-- DATA SUPPLIED follows --

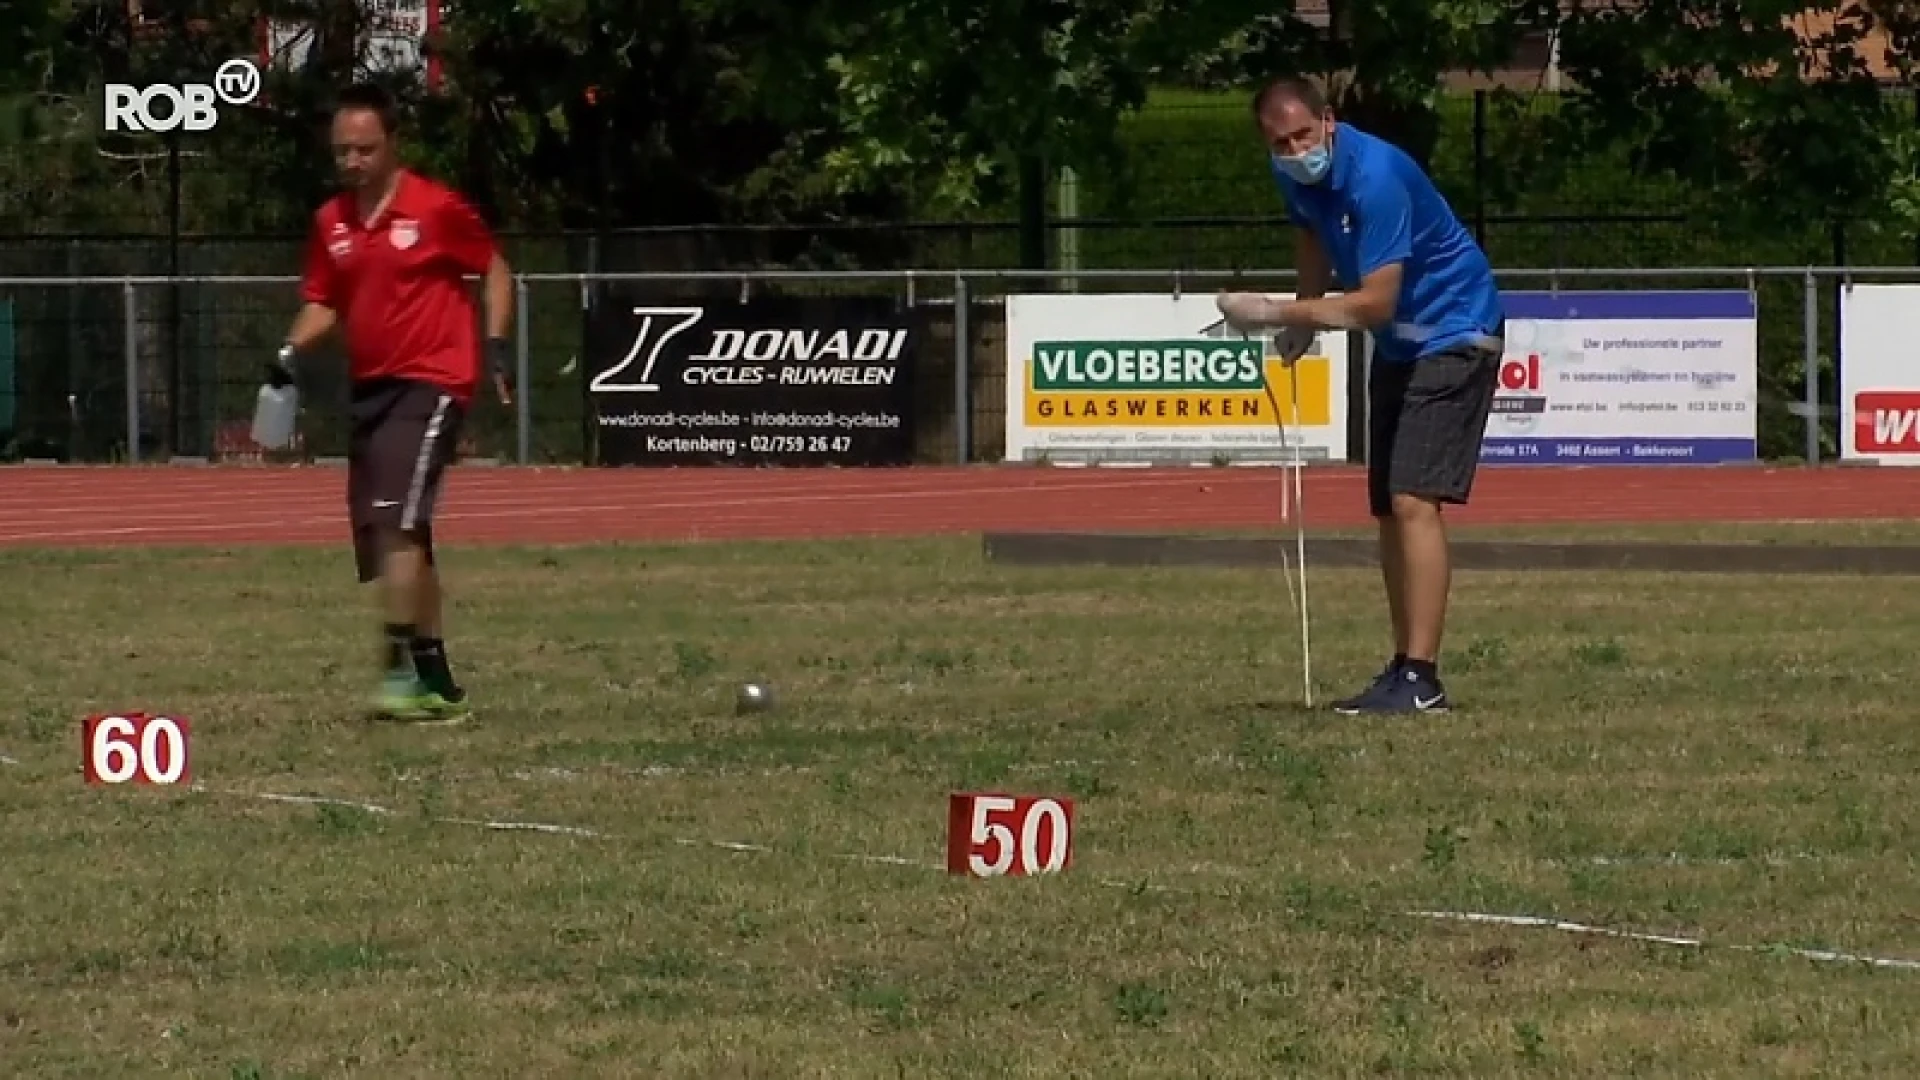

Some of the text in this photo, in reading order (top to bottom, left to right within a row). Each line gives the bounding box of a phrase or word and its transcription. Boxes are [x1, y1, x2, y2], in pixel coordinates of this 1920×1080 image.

[688, 328, 907, 360] DONADI
[1583, 337, 1723, 351] Uw professionele partner
[683, 366, 764, 385] CYCLES
[779, 366, 896, 385] RIJWIELEN
[1039, 349, 1260, 382] VLOEBERGS
[1038, 399, 1259, 416] GLASWERKEN
[599, 410, 740, 428] www.donadi-cycles.be
[751, 410, 900, 430] info@donadi-cycles.be
[647, 435, 735, 456] Kortenberg
[751, 436, 804, 452] 02/759
[808, 436, 828, 451] 26
[832, 436, 851, 451] 47
[93, 717, 185, 784] 60
[969, 797, 1068, 876] 50

-- DATA SUPPLIED concluded --

EXERCISE -
Every record, word for word, should be given back without its pictures.

WRITTEN ANSWER -
Some of the text in this photo, in reading order (top to bottom, left to right within a row). Each line gives the bounding box of a phrase or word and its transcription. Boxes are [x1, y1, x2, y2], in pixel coordinates of this 1920×1080 image.

[688, 328, 907, 360] DONADI
[1583, 337, 1723, 351] Uw professionele partner
[683, 366, 764, 385] CYCLES
[779, 366, 896, 385] RIJWIELEN
[1039, 349, 1260, 382] VLOEBERGS
[1038, 399, 1259, 416] GLASWERKEN
[599, 410, 740, 428] www.donadi-cycles.be
[751, 410, 900, 430] info@donadi-cycles.be
[647, 435, 735, 456] Kortenberg
[751, 436, 804, 452] 02/759
[808, 436, 828, 451] 26
[832, 436, 851, 451] 47
[93, 717, 185, 784] 60
[969, 797, 1068, 876] 50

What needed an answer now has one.